A relação entre o humilis - aquele que tem sua origem do barro - e seu Criador passava, portanto, pela mediação da Palavra. A Palavra era centro dessa economia desigual entre o ser perfeito e os seres imperfeitos. A Palavra - o verbum, ou lógos divino - do princípio predominava na história da humanidade e articulava toda a criação com seu Criador. Trata-se da natureza fundamentalmente racional e ordenada que presidia a ação divina no mundo. A superposição de alegorias nos dá a medida dessa racionalização e aponta para a composição do discurso cristão na Patrística: a pobreza, elevada à sua maior racionalização, prescindia de sua materialidade, adquirindo seu significado a partir de um conteúdo moral.

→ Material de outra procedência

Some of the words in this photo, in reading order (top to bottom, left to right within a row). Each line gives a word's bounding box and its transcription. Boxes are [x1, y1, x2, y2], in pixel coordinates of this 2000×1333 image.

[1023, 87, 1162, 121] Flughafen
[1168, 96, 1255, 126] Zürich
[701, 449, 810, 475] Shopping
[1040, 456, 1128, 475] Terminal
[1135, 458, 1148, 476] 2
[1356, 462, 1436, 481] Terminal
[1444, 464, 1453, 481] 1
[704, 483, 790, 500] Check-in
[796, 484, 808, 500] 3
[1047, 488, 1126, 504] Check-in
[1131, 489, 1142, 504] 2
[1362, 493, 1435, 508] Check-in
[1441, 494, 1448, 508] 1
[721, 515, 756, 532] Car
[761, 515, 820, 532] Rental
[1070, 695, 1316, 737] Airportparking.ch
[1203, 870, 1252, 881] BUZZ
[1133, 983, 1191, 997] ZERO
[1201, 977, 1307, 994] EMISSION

A dialética que caracterizou a interação entre a fé e a razão na Patrística cristã também seria operante, portanto, na articulação de outros conceitos entre si. Quando se avalia, por exemplo, a pobreza propriamente dita, concluímos pela existência de uma polissemia, de tal forma que é possível identificar não só um corpus léxico como também um conjunto semântico. Por essa razão, a pobreza se encontra relacionada não somente a uma série de sentidos (derivados de um campo semântico ampliado) como também, a uma série de vocábulos (oriundos de um léxico específico).

Sendo assim, podemos identificar dois grandes conjuntos: o corpus semântico da pobreza (conjunto de aspectos relacionados à produção de sentido) e o corpus lexical da pobreza (conjunto de palavras intercambiáveis com a pobreza). Para ambos os casos, estamos nos referindo à terminologia paupertas, bem como às suas formas intercambiáveis.

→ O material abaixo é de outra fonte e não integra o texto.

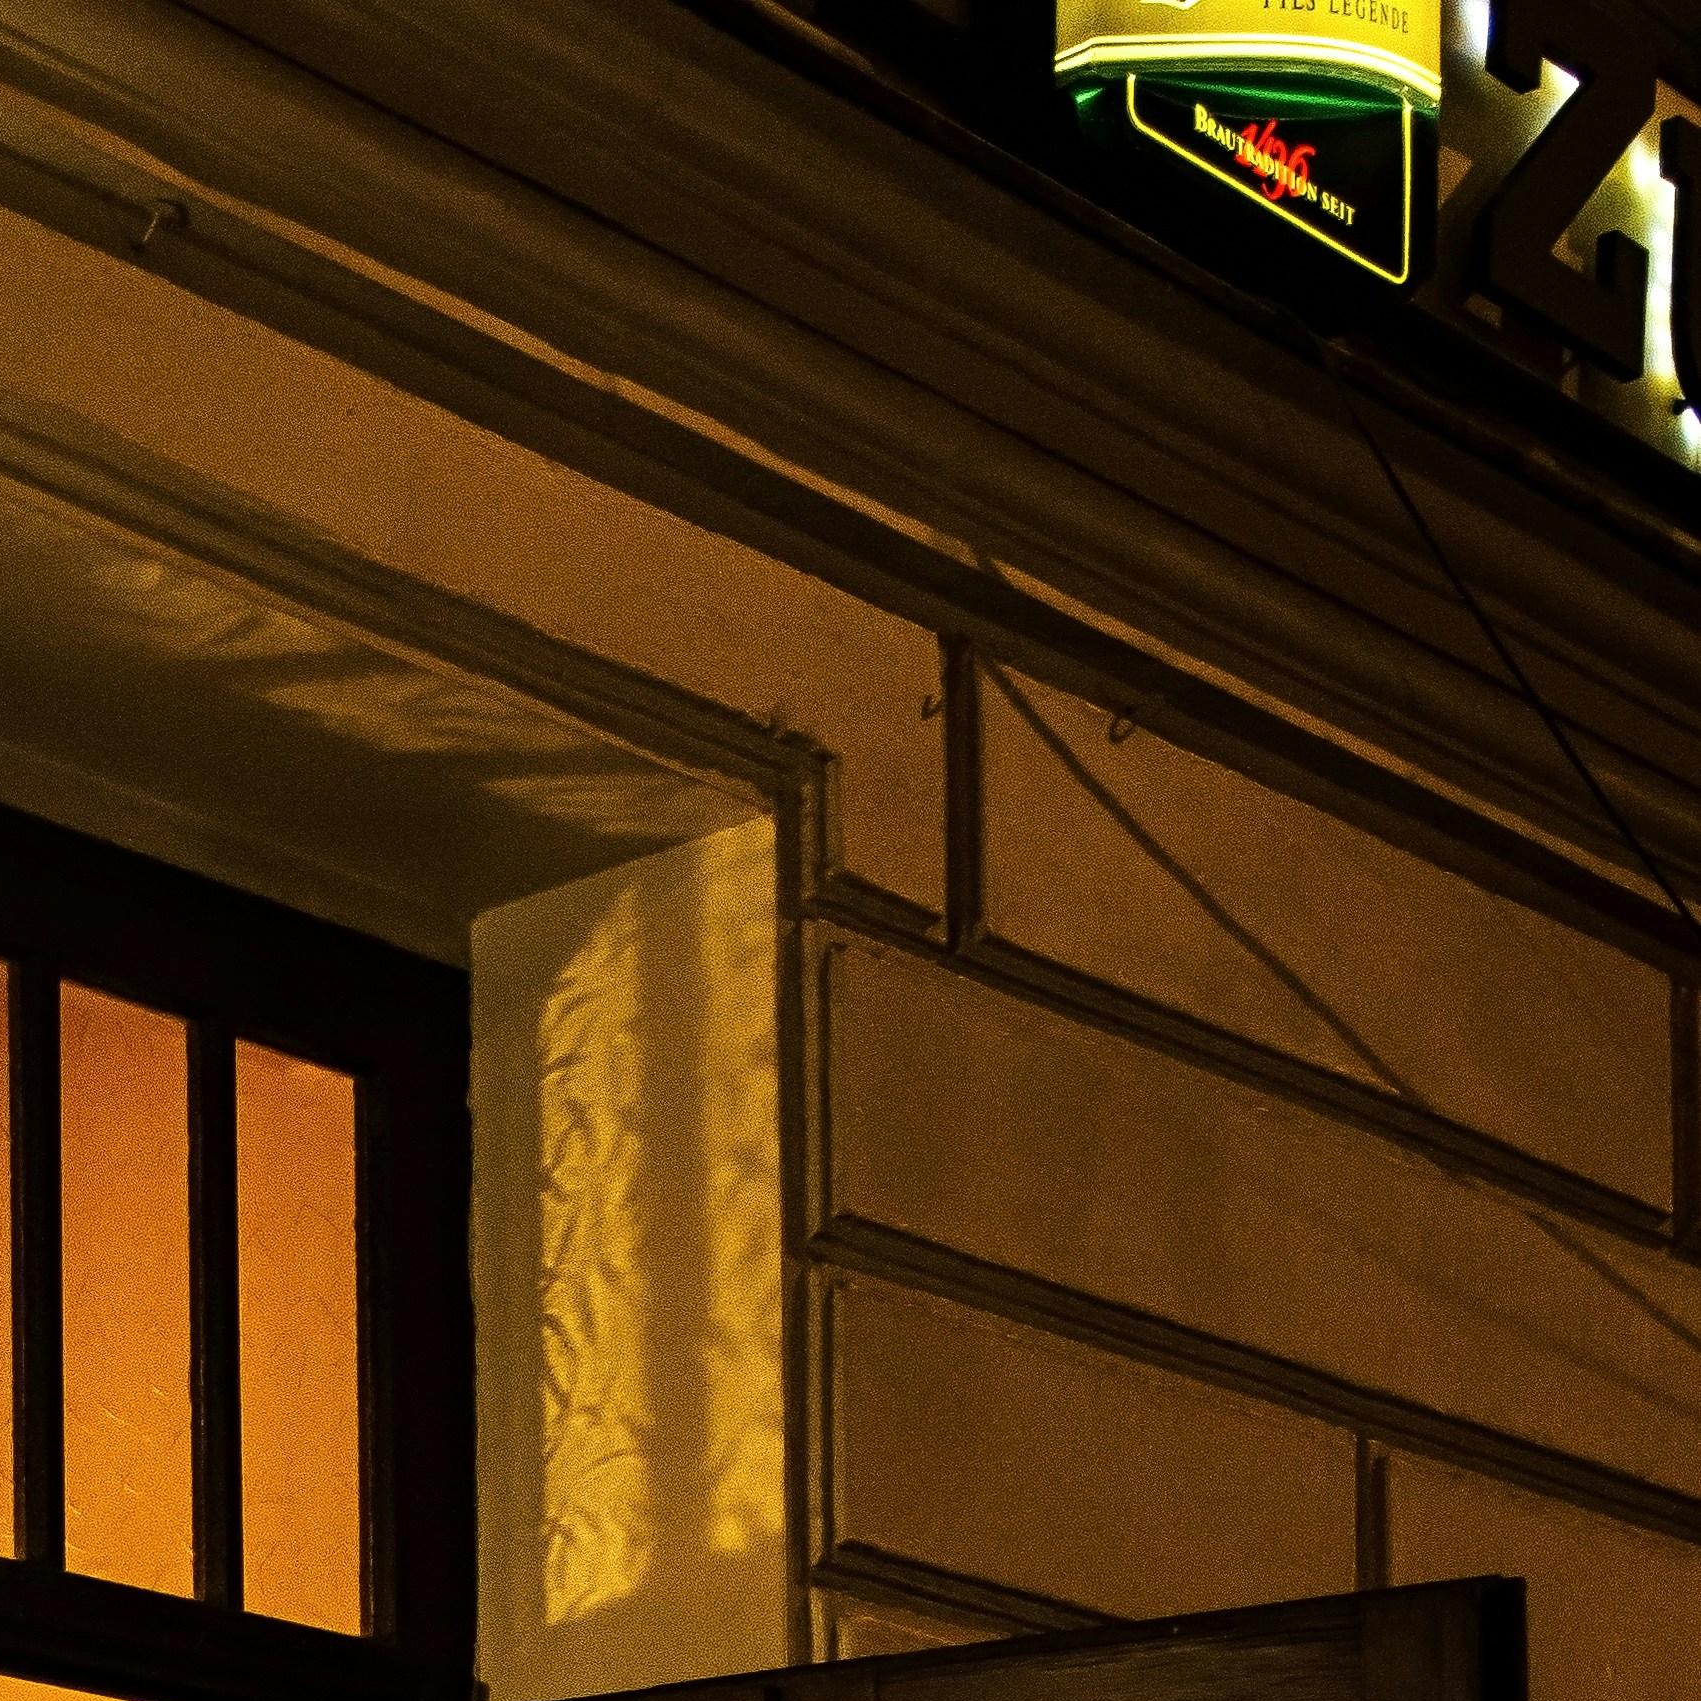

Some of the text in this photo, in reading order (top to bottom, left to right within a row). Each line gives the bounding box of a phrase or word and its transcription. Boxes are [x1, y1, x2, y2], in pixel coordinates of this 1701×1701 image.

[1329, 0, 1409, 34] LEGENDE
[1194, 103, 1356, 226] BRAUTRADITION SEIT

Podemos afirmar que, na narrativa cristã em geral, o emprego do termo paupertas se encontra relacionado a sentidos que não se referem à pobreza material ou concreta. A condição material da pobreza, portanto, não costuma ser um significado contemplado pela terminologia paupertas. A partir da análise textual das fontes cristãs, podemos identificar uma série de aspectos semânticos preferenciais do emprego da paupertas.

Em primeiro lugar, a paupertas configura-se como aspecto moral fundamental da doutrina cristã. Em vários momentos, o texto bíblico representa o pobre enquanto pecador, alegoria extensiva a toda a humanidade, aspecto da linguagem dos salmos; o pobre enquanto destinatário preferencial dos desígnios divinos, predominante no texto de Jó; o pobre identificado à viúva, ao estrangeiro, ao órfão e, portanto, àqueles que partilham de uma condição de fragilidade ou vulnerabilidade, objeto da regulamentação de códigos de conduta tais como o Levítico e o Deuteronômio.

Em segundo lugar, a paupertas consiste em fundamento jurídico para classificar uma ou mais condições. Sob essa perspectiva, o pobre é identificado como aquele a quem se aplica uma instabilidade de direitos, via de regra, relacionados a seus bens ou posses. Ao analisar o estabelecimento de preços máximos para grãos e cereais no Capitular de Frankfurt, Marcelo Cândido da Silva defende que esse expediente integra um princípio de ordenação do reino de Carlos Magno segundo um “princípio de justiça aplicável a qualquer matéria” (CÂNDIDO DA SILVA, 2013, p. 54). De acordo com esse estudioso, os pobres representavam uma categoria passível de ter perdido ou de vir a perder direitos, e a “economia moral” carolíngia, por meio do estabelecimento de preços justos, representava um dos pressupostos para a manutenção do equilíbrio social (CÂNDIDO DA SILVA, 2013, p. 54).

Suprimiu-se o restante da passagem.